Qu’en est-il de l’impact sur la productivité des champs? Un rapport d’expert remis au gouvernement français en décembre 2017 révèle que dans certaines exploitations, il est possible de supprimer les pesticides sans baisse de rendement, particulièrement dans le cas des désherbants.

On fait notamment état dans ce rapport de l’expérience du réseau Ferme Dephy regroupant 3000 exploitations agricoles françaises: 94% des agriculteurs ont maintenu leur rendement et 78% ont gardé leurs revenus en utilisant un tiers de pesticides en moins que la moyenne.

Les auteurs nuancent toutefois en spécifiant que ces données ne s’appliqueraient probablement pas à certaines cultures plus capricieuses, comme le blé.
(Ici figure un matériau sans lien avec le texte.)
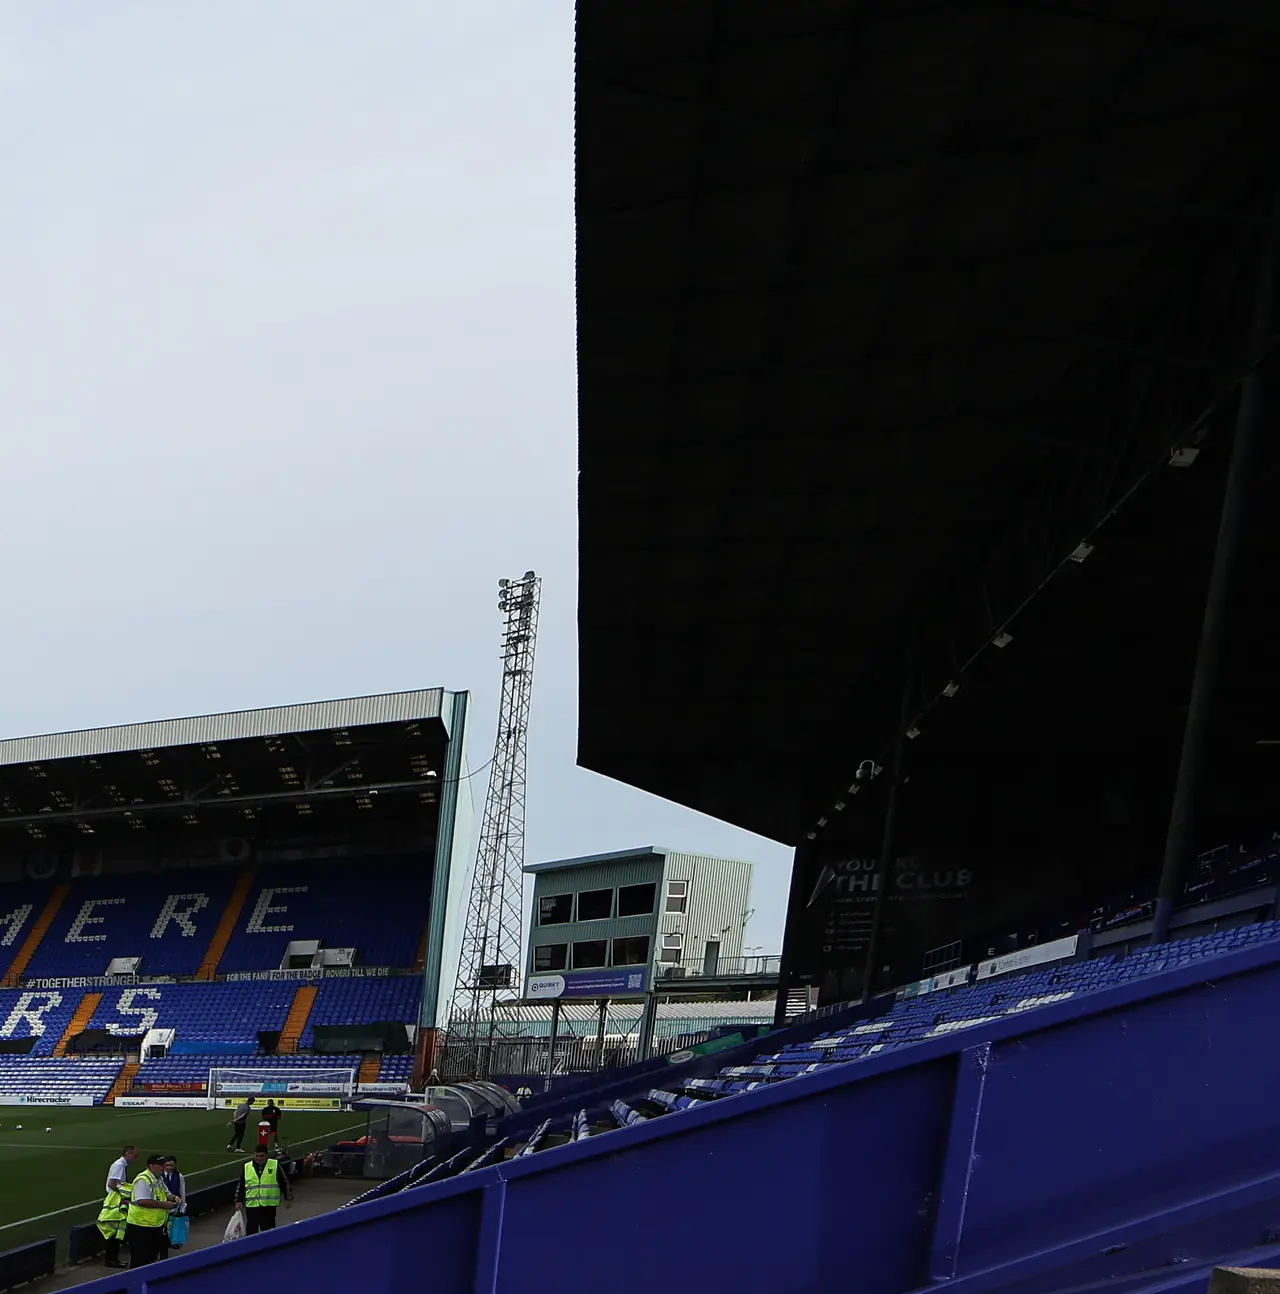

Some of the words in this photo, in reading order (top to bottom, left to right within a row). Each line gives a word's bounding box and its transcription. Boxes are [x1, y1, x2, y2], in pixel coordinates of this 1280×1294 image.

De plus, l’émergence de nouveaux insectes nuisibles rend parfois nécessaire le traitement par pesticide.

Faible impact

L’utilisation de certains des herbicides synthétiques, comme l’atrazine, aurait également un faible impact sur la rentabilité: «Cet herbicide est le plus répandu au Canada, mais il est interdit en Europe depuis 12 ans», explique Nadine Bachand.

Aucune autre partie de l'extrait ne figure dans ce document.